── Record excerpts ──

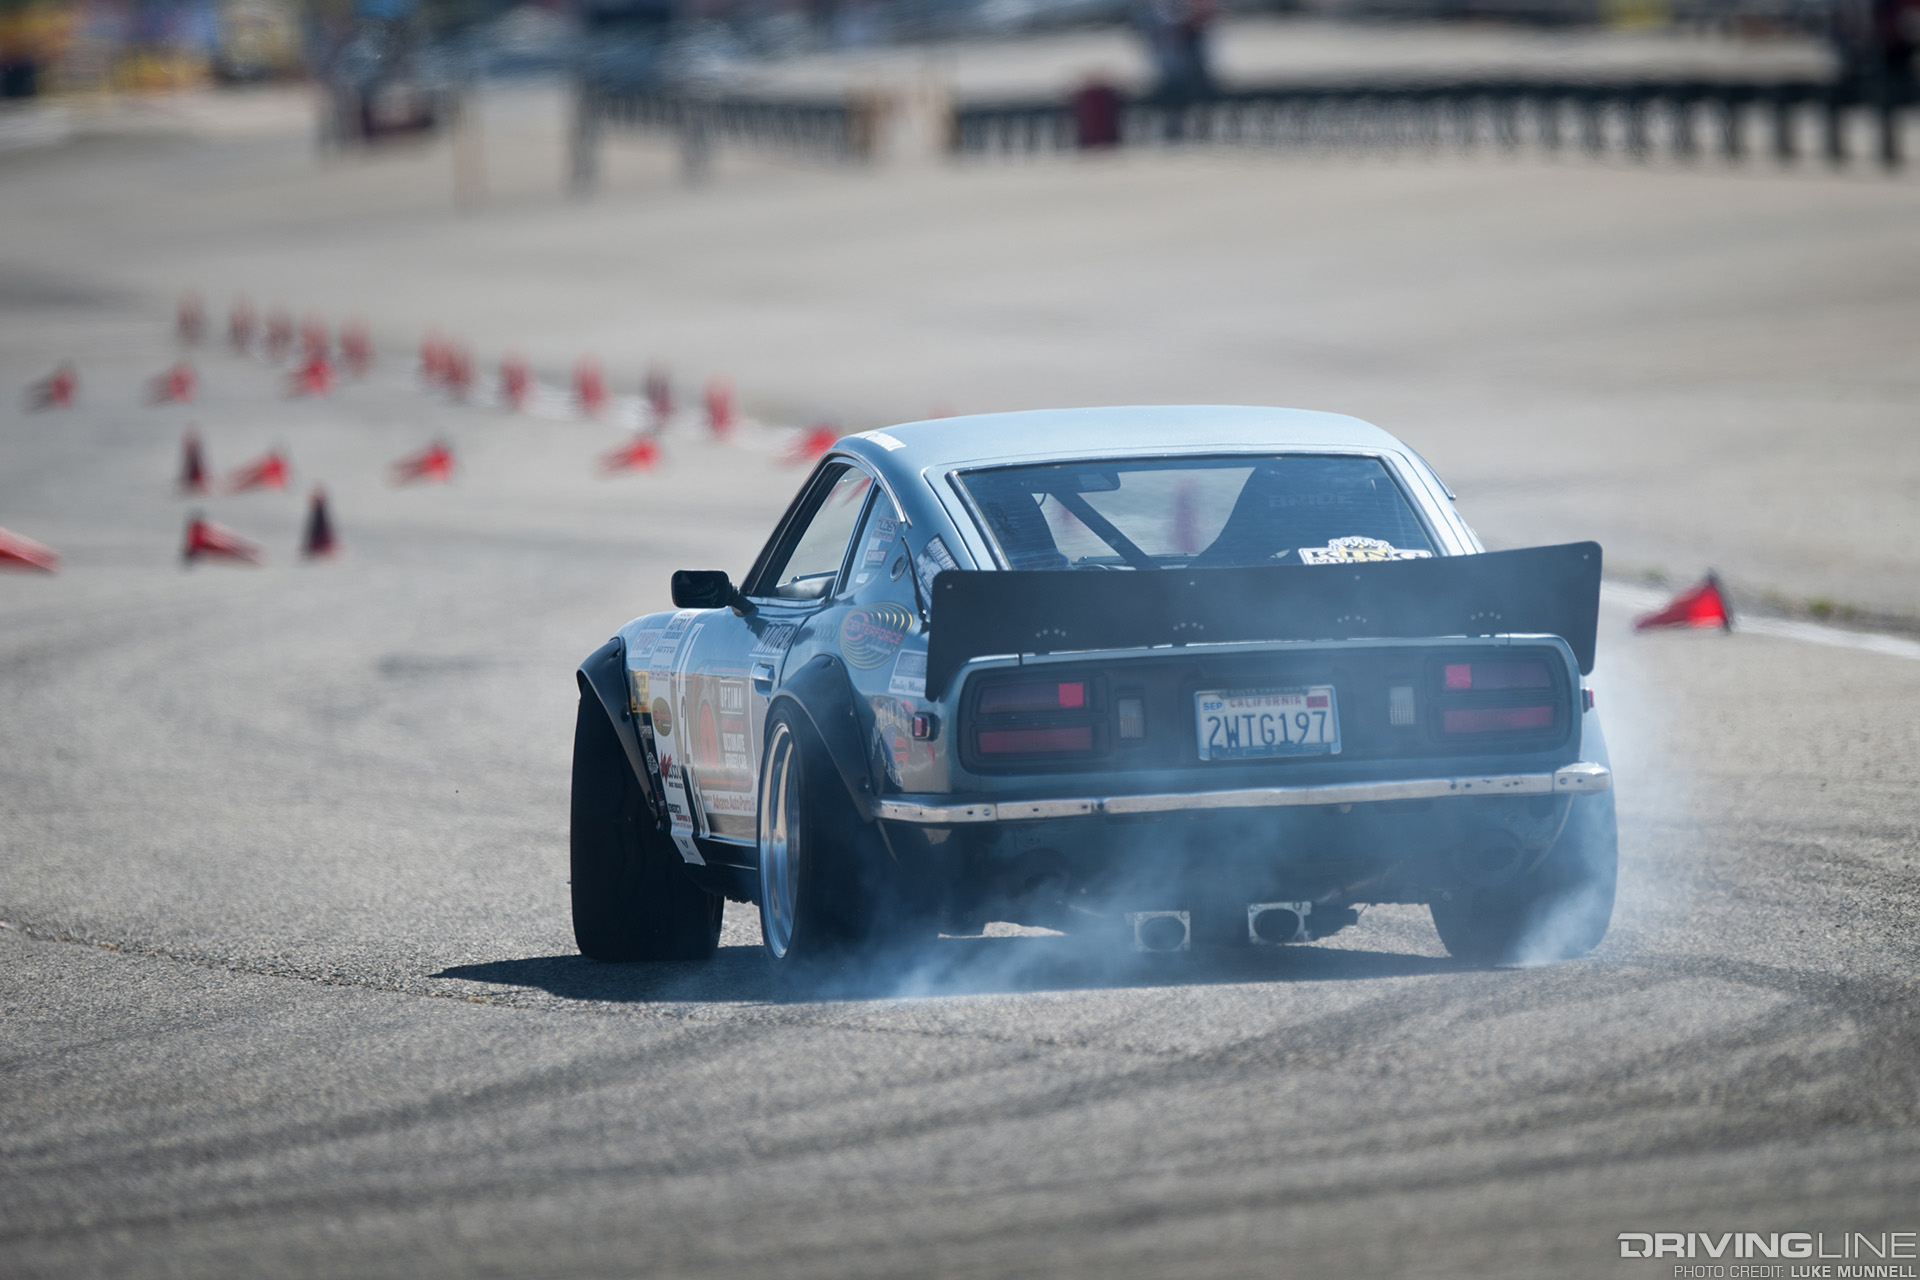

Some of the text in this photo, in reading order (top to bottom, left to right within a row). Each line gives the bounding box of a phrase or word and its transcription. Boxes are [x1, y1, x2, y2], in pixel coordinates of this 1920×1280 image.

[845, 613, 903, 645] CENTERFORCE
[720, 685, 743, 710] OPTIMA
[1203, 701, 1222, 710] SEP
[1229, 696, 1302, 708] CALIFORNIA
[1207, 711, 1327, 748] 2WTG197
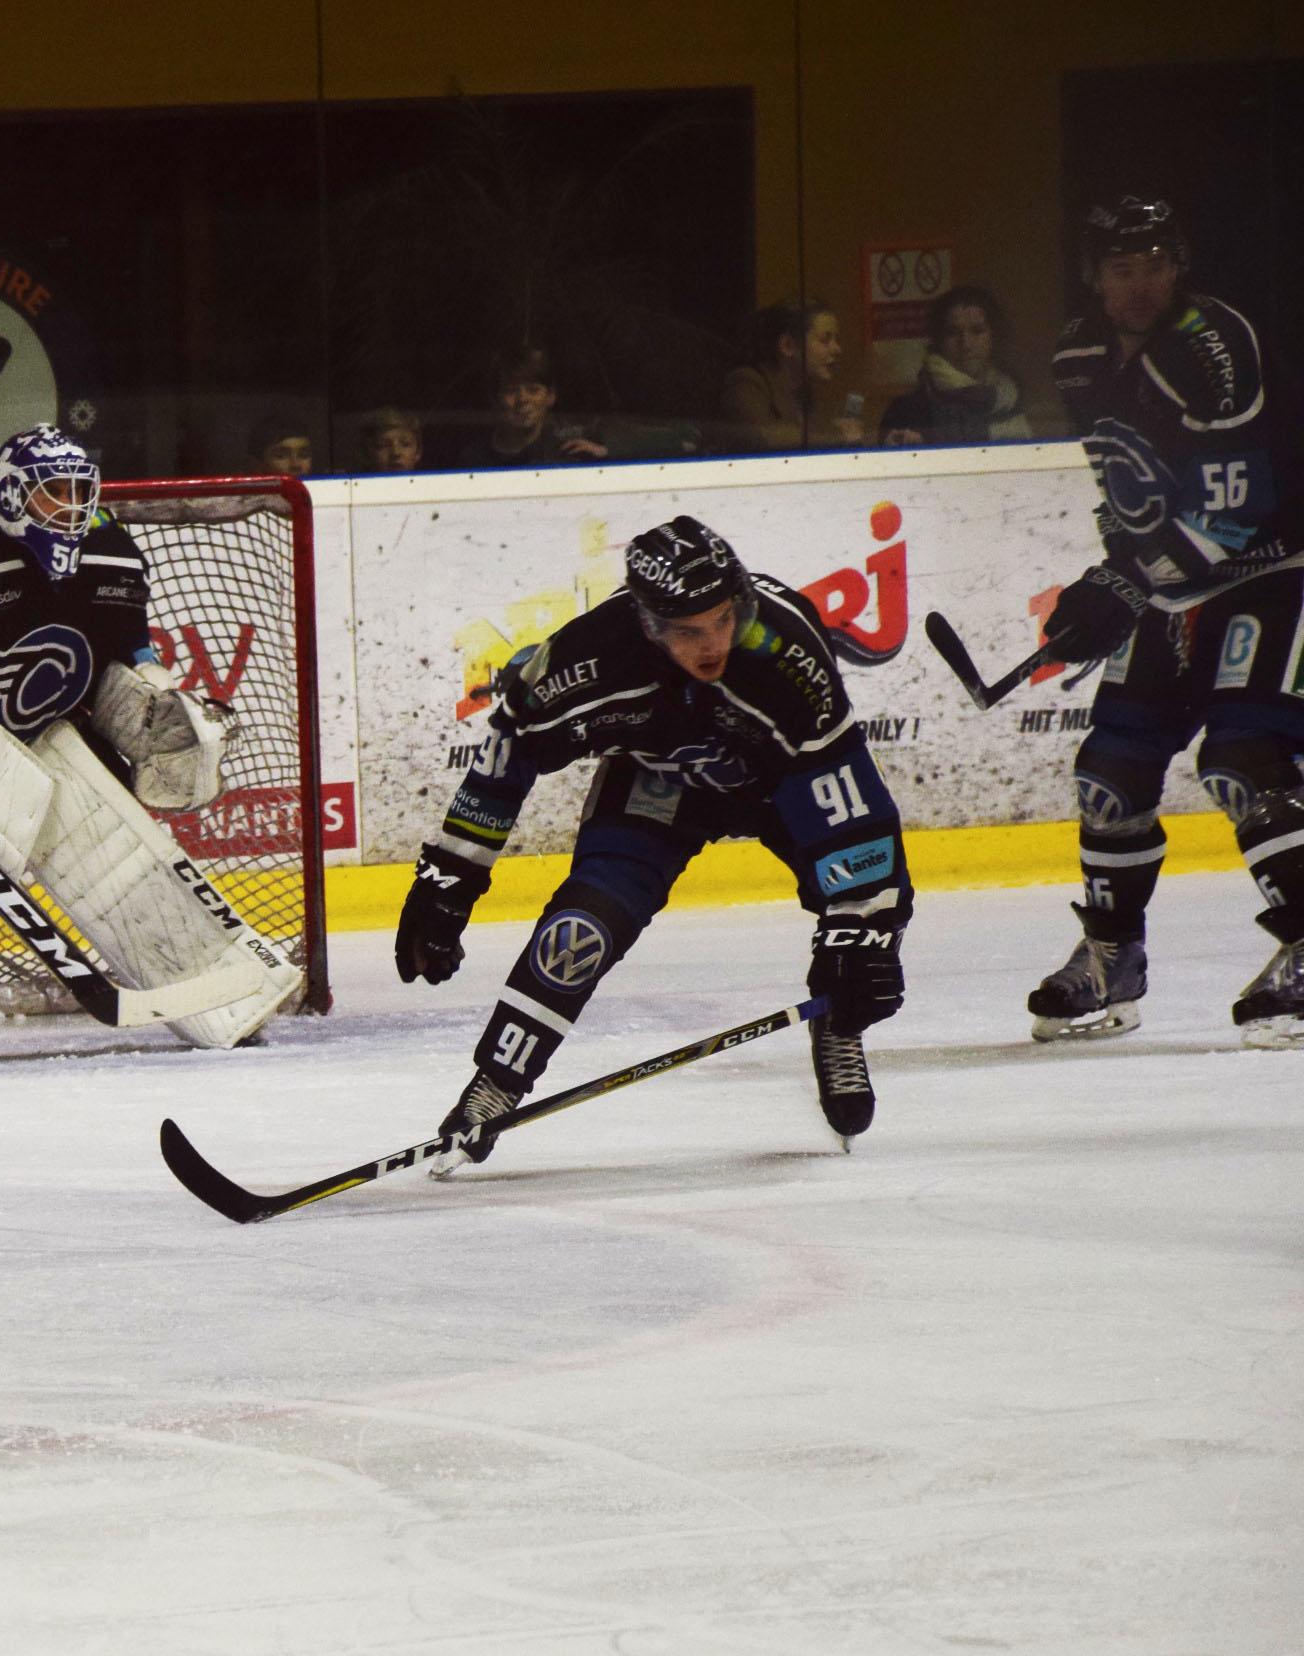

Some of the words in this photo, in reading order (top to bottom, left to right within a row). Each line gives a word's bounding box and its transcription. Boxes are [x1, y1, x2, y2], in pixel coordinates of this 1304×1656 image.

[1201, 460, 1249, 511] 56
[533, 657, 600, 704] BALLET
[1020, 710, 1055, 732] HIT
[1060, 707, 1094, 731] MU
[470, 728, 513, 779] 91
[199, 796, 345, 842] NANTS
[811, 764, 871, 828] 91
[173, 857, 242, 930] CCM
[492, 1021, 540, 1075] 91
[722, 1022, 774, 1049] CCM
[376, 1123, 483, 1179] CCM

───

The task: The answer must restate every entry word for word, with the pictures left out.

Task answer:
Some of the text in this photo, in reading order (top to bottom, left to right within a row). Each line gives the bounding box of a phrase or word and its transcription. Boxes are [x1, y1, x2, y2], in pixel coordinates of this 1920×1280 image.

[845, 613, 903, 645] CENTERFORCE
[720, 685, 743, 710] OPTIMA
[1203, 701, 1222, 710] SEP
[1229, 696, 1302, 708] CALIFORNIA
[1207, 711, 1327, 748] 2WTG197

Some of the words in this photo, in reading order (top to bottom, left to right within a row). Each line gives a word's bounding box and its transcription. Boxes are [x1, y1, x2, y2], in pixel coordinates of this 1304×1656 image.

[1201, 460, 1249, 511] 56
[533, 657, 600, 704] BALLET
[1020, 710, 1055, 732] HIT
[1060, 707, 1094, 731] MU
[470, 728, 513, 779] 91
[199, 796, 345, 842] NANTS
[811, 764, 871, 828] 91
[173, 857, 242, 930] CCM
[492, 1021, 540, 1075] 91
[722, 1022, 774, 1049] CCM
[376, 1123, 483, 1179] CCM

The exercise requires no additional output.